A final category of abundant cancer-associated histone core mutations consists of those that occur at sites of DNA-histone contact. Such mutations are found in basic residues (e.g. H2AR29, K74, K75, R77, and H4R45) in close proximity to the negatively charged DNA encircling the histone octamer (Figure 6A). Perhaps unsurprisingly, given the conserved mechanism of chromatin remodelers in harnessing the energy of ATP hydrolysis to break electrostatic interactions between histone amino acid side chains and DNA to promote nucleosomal translocation (Clapier et al., 2017), neutralizing mutations at these sites enhance nucleosome sliding by ISWI remodelers (Dann et al., 2017; Bagert et al., 2021). DNA-histone contact mutants have also been shown to have consequences in cells, as these mutations can cause growth defects in yeast (Maruyama et al., 2006; Bagert et al., 2021). One such mutant, H2BG53D, is located close to the DNA entry/exit site. Single-molecule nucleosome pulling assays reveal that although the unwrapping rate of DNA from wild-type and H2BG53D nucleosomes is similar, the wrapping rate of H2BG53D is four times slower, suggesting there is decreased interaction between the histone dimer and DNA (Wan et al. [1], 2020) (Figure 6B). Consistent with this finding and the notion that nucleosomes serve as inherent barriers to transcription, chromatin templates containing H2BG53D nucleosomes show increased RNA Pol II passage compared to their wild-type counterparts in in vitro transcription elongation assays (Wan et al. [1], 2020). When H2BG53D is knocked in at an endogenous locus in the S2VP10 pancreatic cell line, the resultant cells exhibit a strong correlation between mutant localization and increased gene expression (Wan et al. [1], 2020; Wan et al. [2], 2020). Moreover, mutant cell lines show enhanced gap closure and transwell migration, at least in part due to the upregulation of genes involved in cell migration (Wan et al. [1], 2020; Wan et al. [2], 2020). Whether other DNA-histone contact mutations confer their effects analogously by promoting transcriptional elongation, by altering chromatin states via changed interactions with chromatin remodelers (more akin to acidic patch mutations), or by another mechanism altogether remains to be seen.
Figure 6.

DNA-histone contact mutations enhance chromatin remodeling and decrease histone-DNA interactions. (A) Location of DNA-histone contact mutations (red) on the nucleosome structure. Histone H2A is depicted in yellow, histone H2B in orange, and histone H4 in green (PDB 1kx5). (B) H2BG53D mutation promotes ISWI-mediated chromatin remodeling and decreases DNA-histone interactions.
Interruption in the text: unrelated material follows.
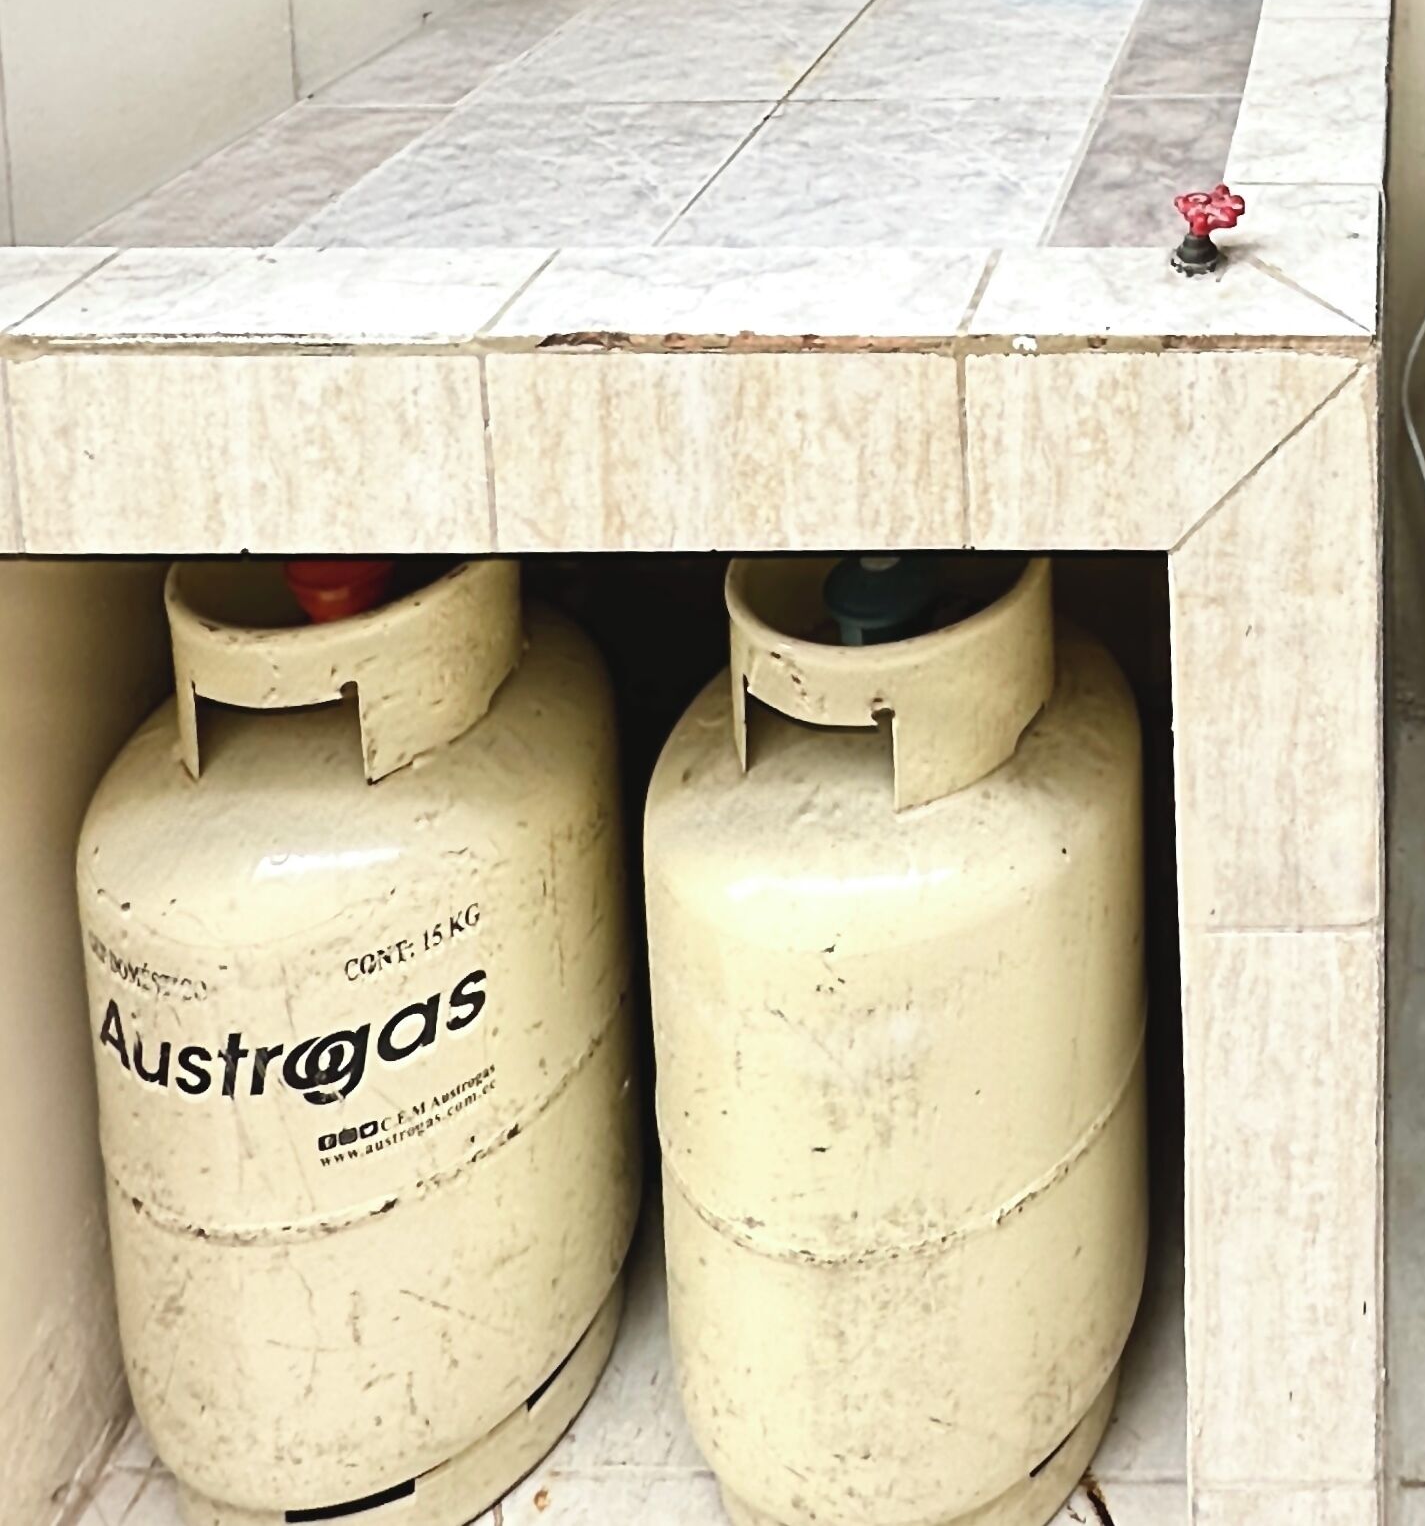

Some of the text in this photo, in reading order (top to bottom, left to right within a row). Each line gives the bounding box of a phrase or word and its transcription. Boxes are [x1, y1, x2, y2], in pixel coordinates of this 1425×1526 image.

There are other ‘tails’ to tell
Although many of the highly abundant recently catalogued histone mutations occur in the histone globular domains, some previously unstudied histone tail mutations are also quite prevalent in cancers. In addition to the aforementioned canonical oncohistones, another tail residue among the top ten most mutated sites is H3R26 (Nacev et al., 2019). Due to their proximity to H3K27, H3R26 mutations might be anticipated to affect chromatin writers, readers, and/or erasers operating in the vicinity, and indeed, the PRC2 inhibitory activity of H3K27M peptides is highly sensitive to even minor modifications at H3R26 (Brown et al., 2014). N-terminal mutations in H3, including R26 but also R2, R8, and K18, were found in tumors with very low mutational backgrounds (TMB ≤2), suggesting potential roles for these mutants in facilitating cancer development (Nacev et al., 2019). H3K4 mutations, unlike the former, are predominantly of a specific amino acid identity—namely K-to-M/I (Nacev et al., 2019). Although ectopic expression of H3.3K4M in mouse preadipocytes does prevent their differentiation (Jang et al., 2019), unlike canonical K-to-M oncohistone mutations, H3K4M mutants do not appear to differentially engage the H3K4-specific methyltransferases MLL3 and MLL4 (Burton et al., 2020). However, in situ chromatin interactomics studies using a non-oxidizable Met mimetic, H3K4Nle, did reveal differential binding partners for the mutant, including increased association with the E3 ligase CUL4B and nuclear factor THOCH as well as decreased association with DNM3B, PHF13, and JADE1 (Burton et al., 2020). Also prevalent are mutations on the far N-termini of H2A and H4, especially those at H4S1, R3, G4, and H2AS1 and R3 (Nacev et al., 2019). Peptides bearing mutations at these residues show reduced acetylation by the H2A/H4-specific N-acetyltransferase NatD (Ho and Huang, 2022). Activity decreases result from decreased Km values of the mutant histone peptides (Ho and Huang, 2022), suggesting compromised binding consistent with the NatD crystal structure that reveals a narrow binding channel likely to be blocked by substrate N-terminal mutation (Magin et al., 2015).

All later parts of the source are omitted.